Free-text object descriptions
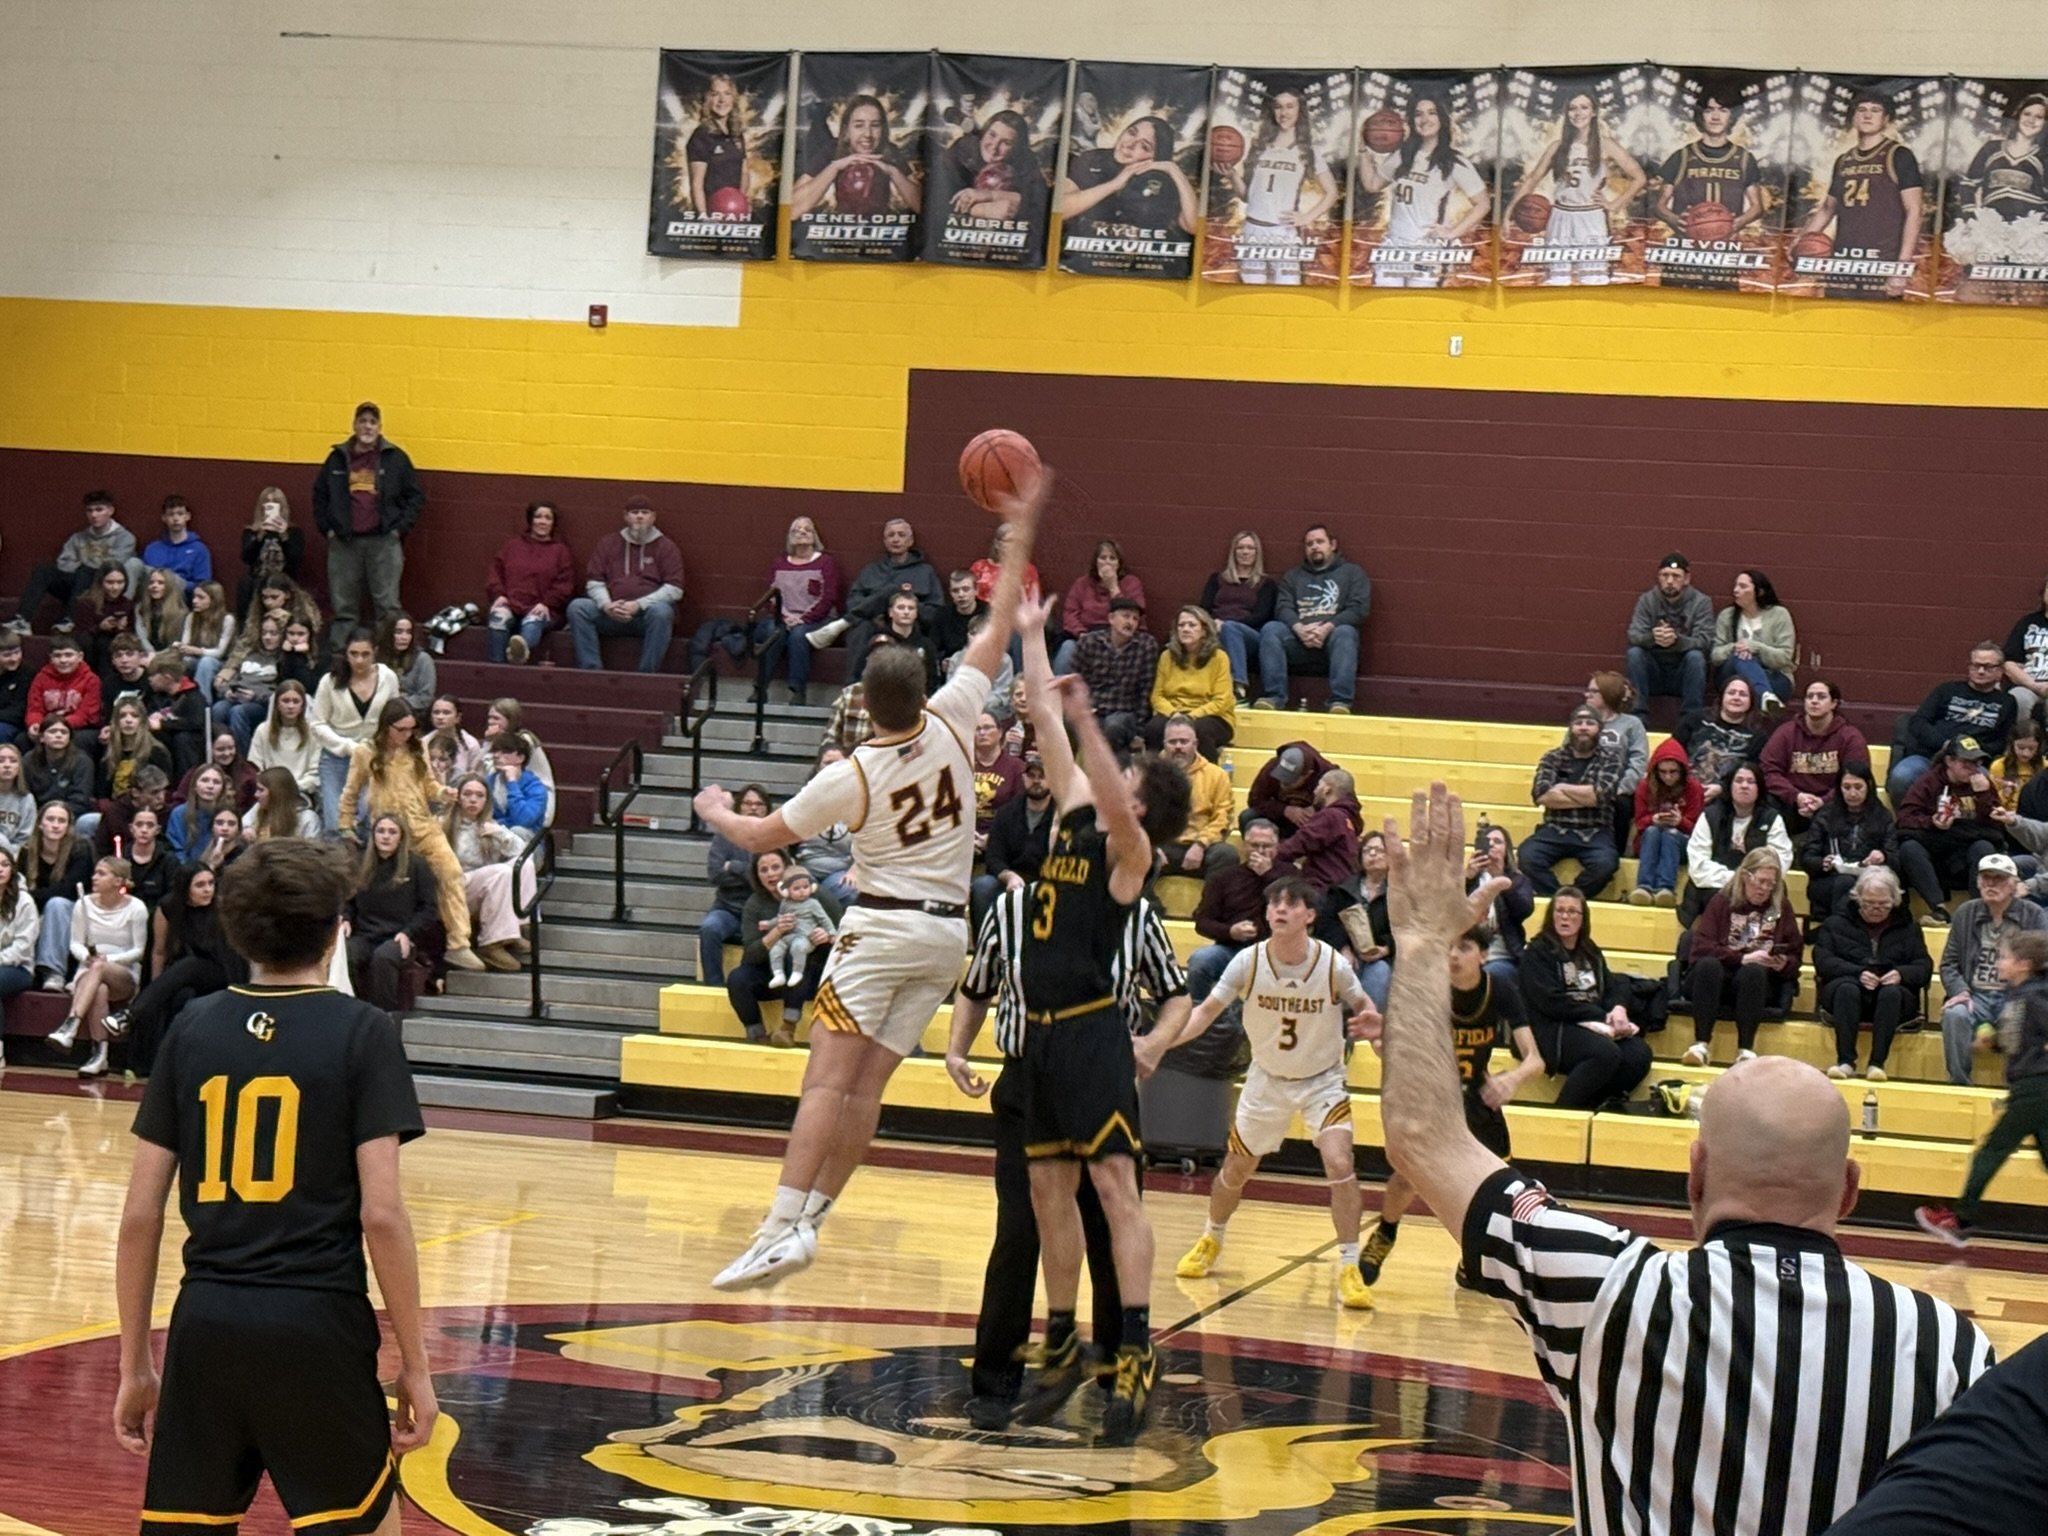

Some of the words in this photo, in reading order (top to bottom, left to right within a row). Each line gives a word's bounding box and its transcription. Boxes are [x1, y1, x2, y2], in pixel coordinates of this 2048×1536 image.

[1688, 167, 1741, 180] PIRATES
[1706, 182, 1720, 203] 11
[1843, 179, 1870, 207] 24
[683, 211, 752, 222] SARAH
[946, 216, 1029, 230] AUBREE
[666, 221, 764, 239] CRAVER
[806, 225, 909, 240] SUTLIFF
[942, 228, 1027, 247] VARGA
[1096, 226, 1167, 239] KYLEE
[1064, 236, 1192, 257] MAYVILLE
[1231, 245, 1317, 261] THOLS
[1666, 237, 1742, 251] DEVON
[1834, 247, 1881, 258] JOE
[1368, 247, 1475, 264] HUTSON
[1520, 246, 1624, 264] MORRIS
[1795, 256, 1917, 277] SHARISH
[890, 765, 962, 847] 24
[1033, 882, 1057, 940] 3
[1257, 994, 1325, 1014] SOUTHEAST
[1279, 1016, 1298, 1051] 3
[197, 1075, 301, 1204] 10

▸ Your instructions: All of the data must be repeated exactly, except for the pictures.

▸ Output for this exercise:
Some of the words in this photo, in reading order (top to bottom, left to right within a row). Each line gives a word's bounding box and its transcription. Boxes are [x1, y1, x2, y2], in pixel coordinates of this 2048×1536 image.

[1688, 167, 1741, 180] PIRATES
[1706, 182, 1720, 203] 11
[1843, 179, 1870, 207] 24
[683, 211, 752, 222] SARAH
[946, 216, 1029, 230] AUBREE
[666, 221, 764, 239] CRAVER
[806, 225, 909, 240] SUTLIFF
[942, 228, 1027, 247] VARGA
[1096, 226, 1167, 239] KYLEE
[1064, 236, 1192, 257] MAYVILLE
[1231, 245, 1317, 261] THOLS
[1666, 237, 1742, 251] DEVON
[1834, 247, 1881, 258] JOE
[1368, 247, 1475, 264] HUTSON
[1520, 246, 1624, 264] MORRIS
[1795, 256, 1917, 277] SHARISH
[890, 765, 962, 847] 24
[1033, 882, 1057, 940] 3
[1257, 994, 1325, 1014] SOUTHEAST
[1279, 1016, 1298, 1051] 3
[197, 1075, 301, 1204] 10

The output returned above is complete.